Le tout apparaît au sein d'une production tout aussi maîtrisée sur le plan de la réalisation que la première mouture (c'est plus brut, moins stylisé), dont les dédales un peu hasardeuses de l'intrigue (des personnages nouveaux apparaissent sans crier gare) ne sont pas toujours améliorées. Même si le film dépasse allègrement les deux heures (et que des longueurs peuvent se faire ressentir), de nombreux coins ont été tournés ronds, ce qui n'est jamais à l'avantage de l'émotion. Particulièrement allumées, les répliques ne lésinent pas sur l'humour et le sarcasme, alors que des situations rocambolesques apparaissent toutes les quinze minutes. De quoi presque transformer le tout en véritable comédie, ce qui ne serait pas une mauvaise chose devant l'état d'esprit du protagoniste.
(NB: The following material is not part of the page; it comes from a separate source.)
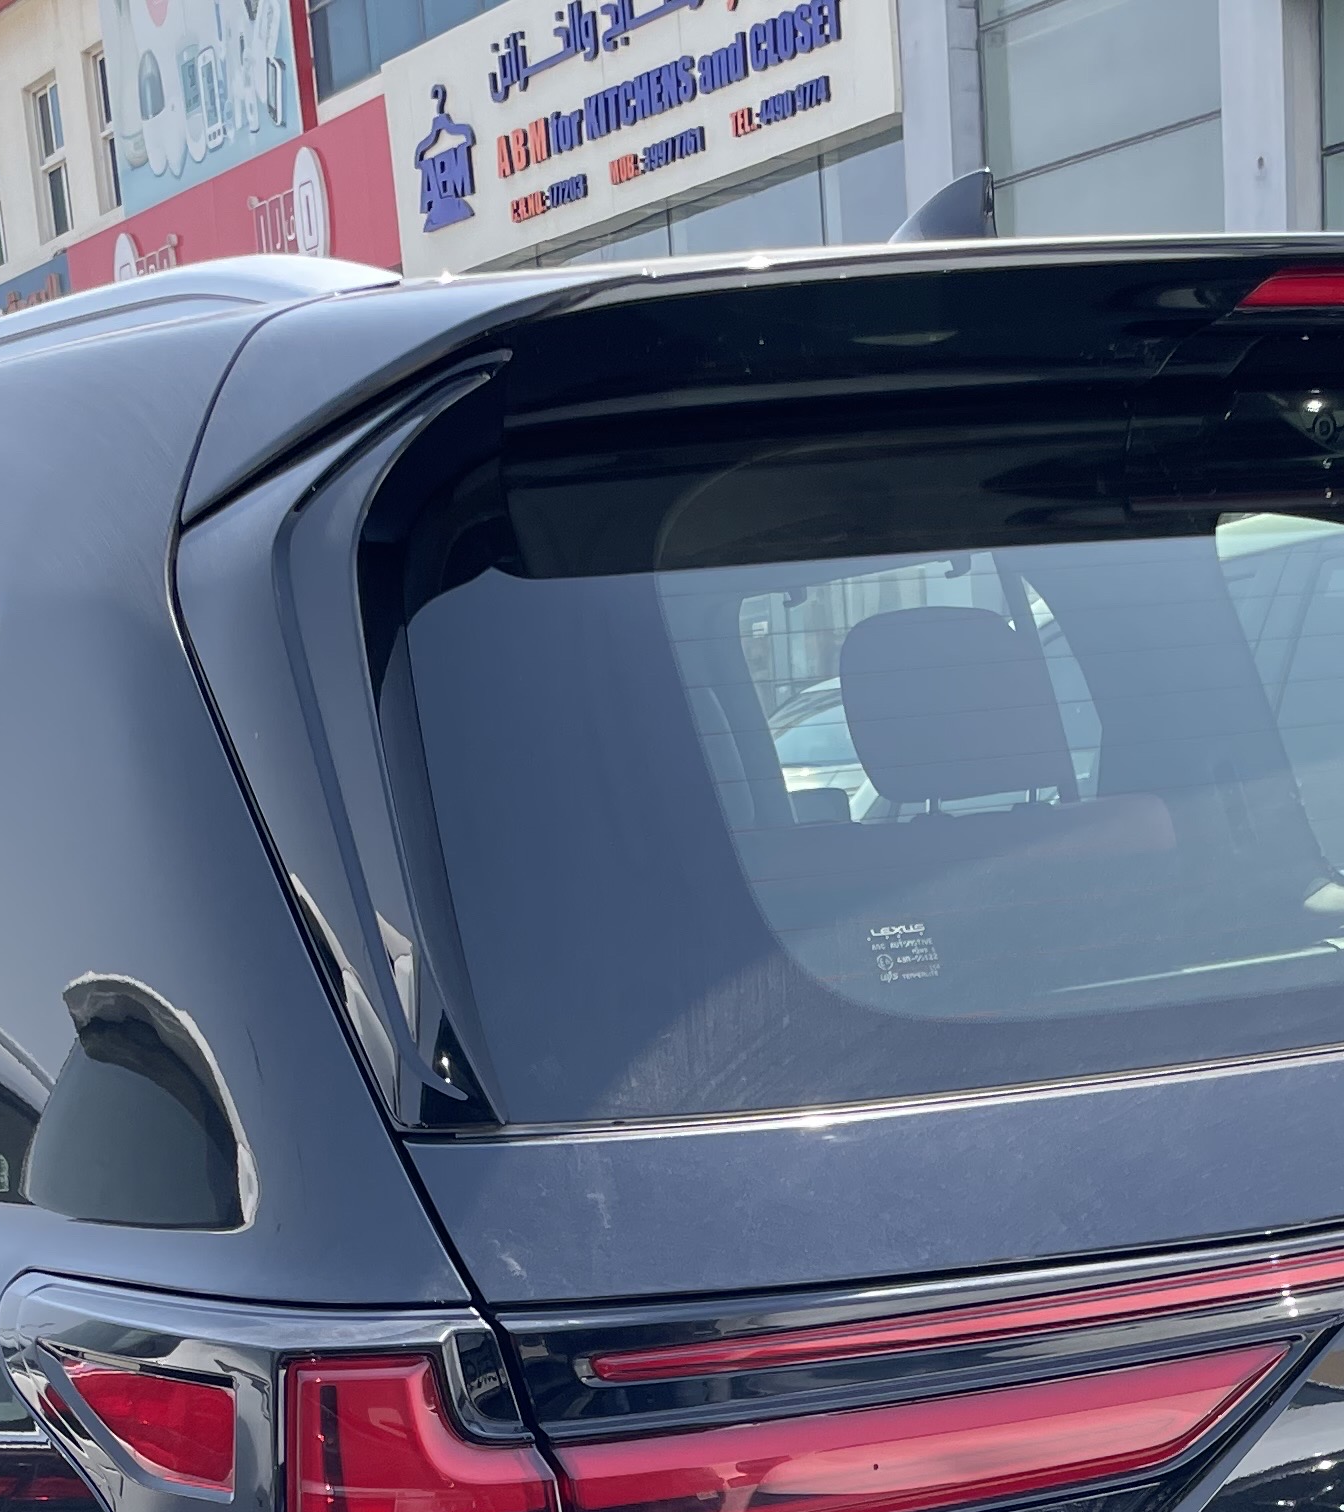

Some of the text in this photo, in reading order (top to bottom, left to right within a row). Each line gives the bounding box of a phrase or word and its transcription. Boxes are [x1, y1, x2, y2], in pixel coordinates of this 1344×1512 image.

Toujours en grande forme, Vincent Cassel n'agit plus seul dans le long-métrage. Plusieurs acteurs sont capables de rivaliser avec lui. À commencer par Oliver Gourmet qui ne s'en laisse pas imposer en flic. Mathieu Amalric arrive même à lui voler la vedette avec ses réactions qui font hurler de rire tout en glaçant le sang. Dommage que le faux accent de Gérard Lanvin soit plus risible qu'autre chose, et que l'avocate personnifiée par Anne Consigny change son fusil d'épaule soudainement et un peu bêtement sans que le spectateur ne sache trop pourquoi. La femme campée par Ludivine Sagnier est représentative du genre féminin: mal développé et empreint de sexisme devant la domination du mâle.
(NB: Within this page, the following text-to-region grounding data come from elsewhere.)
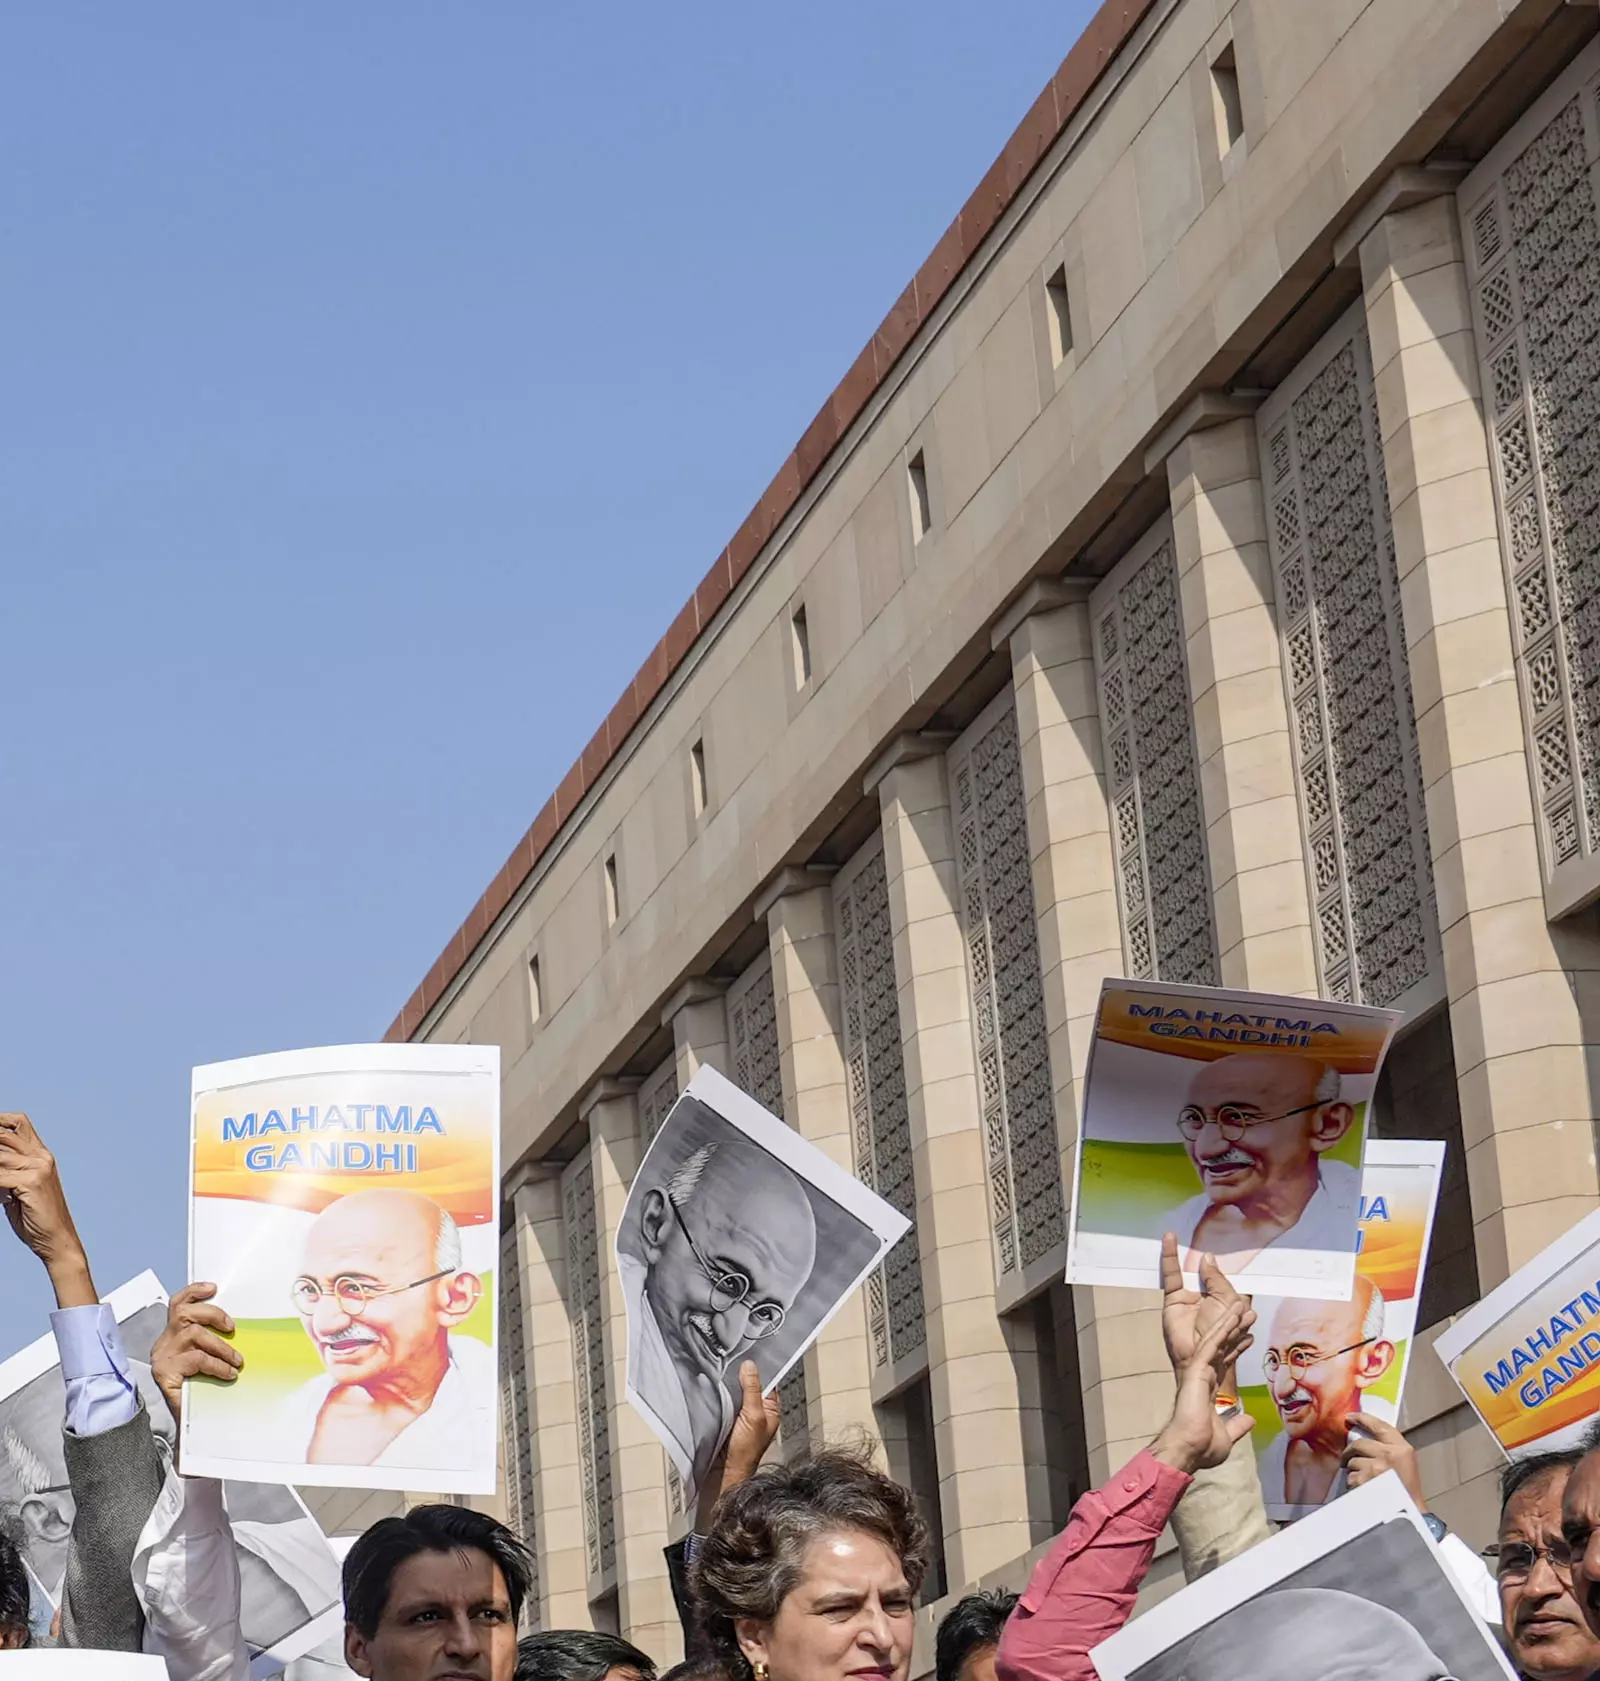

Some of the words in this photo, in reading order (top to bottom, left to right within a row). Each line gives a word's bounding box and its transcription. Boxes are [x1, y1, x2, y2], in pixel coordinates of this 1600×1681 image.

[1128, 1003, 1340, 1035] MAHATMA
[1149, 1022, 1311, 1048] GANDHI
[221, 1104, 447, 1142] MAHATMA
[245, 1141, 418, 1173] GANDHI
[1483, 1280, 1600, 1396] MAHATM
[1519, 1331, 1600, 1408] GAND
La musique mélodique sait comment tenir en haleine. La piste sonore francophone en Dolby Digital 5.1 est plutôt énergique, où des tirs de mitraillette, du verre brisé et des flashs d'appareils photographiques virevoltent des différentes enceintes. Les voix sont claires, les dialogues audibles, et il y a de parfaits sous-titres blancs en option. L'image est également très solide. Bien que du blocage puisse se faire ressentir, les couleurs sont justes, les teintes assez soignées, et il n'y a rien de problématique au niveau des contrastes.

La pochette rentre-dedans présente Mesrine arme au poing qui ne semble pas particulièrement de bonne humeur. Pour sa part le menu principal du DVD défile sur une haletante mélodie et un efficace montage de scènes. Aucun supplément ne se retrouve sur cette édition, si ce ne sont quelques publicités diverses une fois l'insertion du disque dans le lecteur.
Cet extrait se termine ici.